== WHAT YOU NEED TO DO ==
Write each entry out again verbatim, pictures excluded.

== RECORDS PROVIDED ==
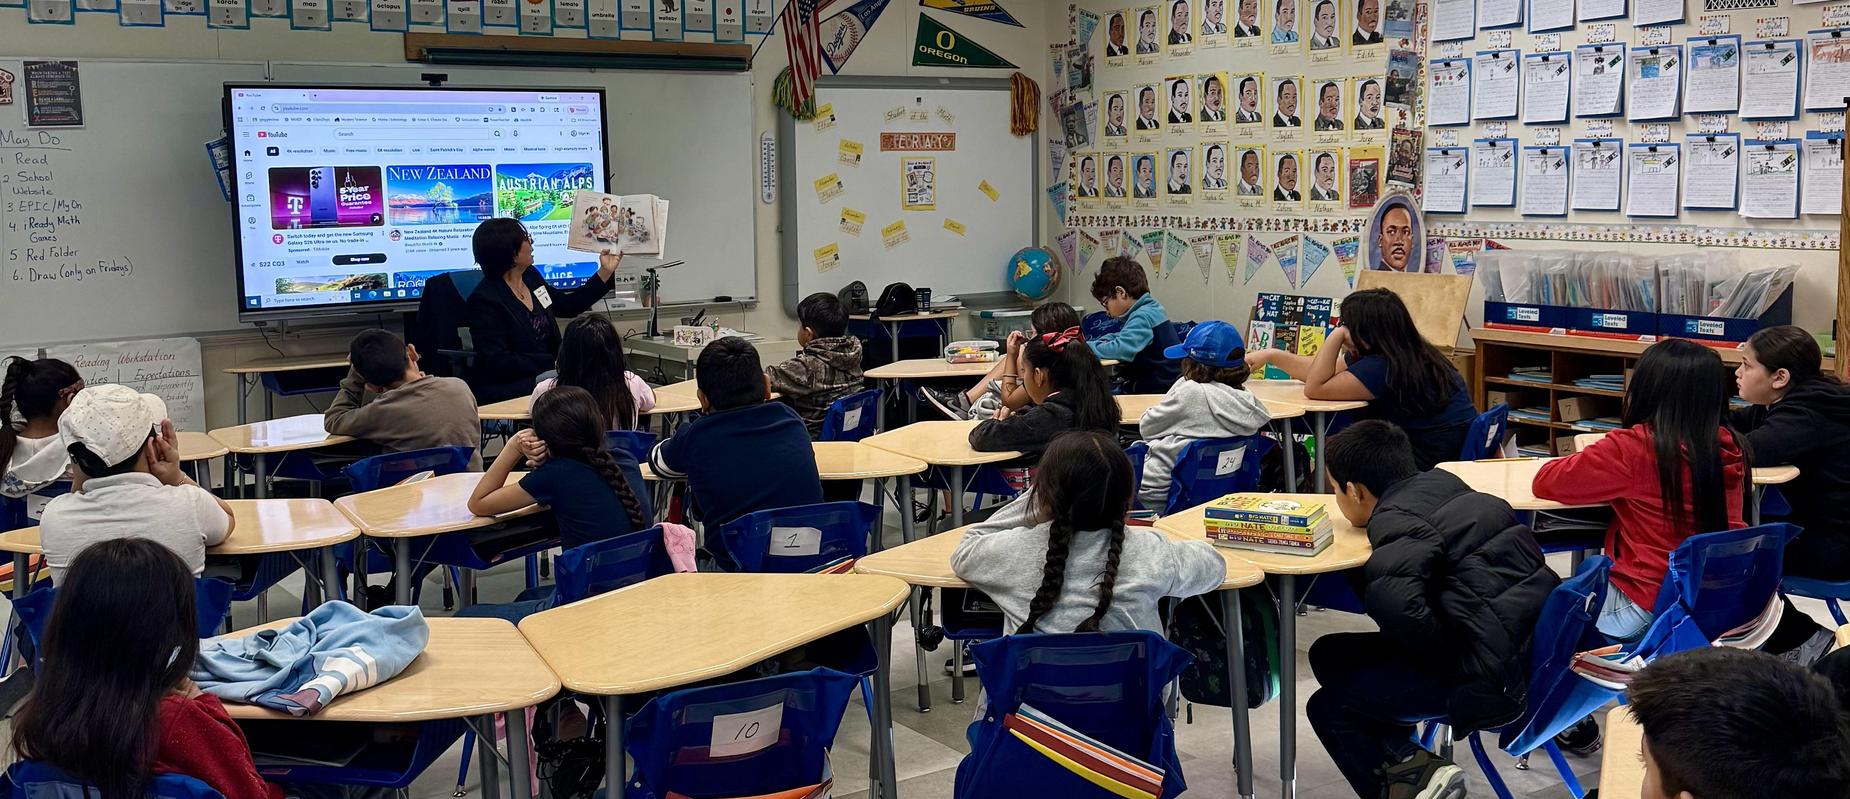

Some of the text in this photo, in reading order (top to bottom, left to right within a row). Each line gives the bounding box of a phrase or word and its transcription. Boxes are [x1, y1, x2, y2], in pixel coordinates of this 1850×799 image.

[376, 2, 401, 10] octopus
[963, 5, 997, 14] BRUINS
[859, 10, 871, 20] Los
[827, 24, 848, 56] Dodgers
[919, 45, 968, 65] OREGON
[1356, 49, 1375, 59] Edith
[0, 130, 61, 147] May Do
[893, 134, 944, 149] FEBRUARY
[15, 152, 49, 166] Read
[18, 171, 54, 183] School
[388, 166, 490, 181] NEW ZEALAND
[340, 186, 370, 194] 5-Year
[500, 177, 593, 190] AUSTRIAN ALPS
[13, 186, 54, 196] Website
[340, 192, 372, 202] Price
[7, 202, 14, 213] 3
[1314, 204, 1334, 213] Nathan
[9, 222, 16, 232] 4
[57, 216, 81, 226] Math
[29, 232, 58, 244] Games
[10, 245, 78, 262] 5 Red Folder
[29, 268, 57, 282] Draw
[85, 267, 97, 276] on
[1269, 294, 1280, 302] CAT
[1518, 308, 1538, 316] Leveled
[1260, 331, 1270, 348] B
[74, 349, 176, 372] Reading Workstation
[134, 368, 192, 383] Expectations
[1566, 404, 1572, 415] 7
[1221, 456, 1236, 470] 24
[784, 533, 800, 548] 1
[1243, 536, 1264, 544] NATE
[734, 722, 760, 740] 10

== RESULT BELOW ==
Some of the text in this photo, in reading order (top to bottom, left to right within a row). Each line gives the bounding box of a phrase or word and its transcription. Boxes are [x1, y1, x2, y2], in pixel coordinates of this 1850×799 image.

[376, 2, 401, 10] octopus
[963, 5, 997, 14] BRUINS
[859, 10, 871, 20] Los
[827, 24, 848, 56] Dodgers
[919, 45, 968, 65] OREGON
[1356, 49, 1375, 59] Edith
[0, 130, 61, 147] May Do
[893, 134, 944, 149] FEBRUARY
[15, 152, 49, 166] Read
[18, 171, 54, 183] School
[388, 166, 490, 181] NEW ZEALAND
[340, 186, 370, 194] 5-Year
[500, 177, 593, 190] AUSTRIAN ALPS
[13, 186, 54, 196] Website
[340, 192, 372, 202] Price
[7, 202, 14, 213] 3
[1314, 204, 1334, 213] Nathan
[9, 222, 16, 232] 4
[57, 216, 81, 226] Math
[29, 232, 58, 244] Games
[10, 245, 78, 262] 5 Red Folder
[29, 268, 57, 282] Draw
[85, 267, 97, 276] on
[1269, 294, 1280, 302] CAT
[1518, 308, 1538, 316] Leveled
[1260, 331, 1270, 348] B
[74, 349, 176, 372] Reading Workstation
[134, 368, 192, 383] Expectations
[1566, 404, 1572, 415] 7
[1221, 456, 1236, 470] 24
[784, 533, 800, 548] 1
[1243, 536, 1264, 544] NATE
[734, 722, 760, 740] 10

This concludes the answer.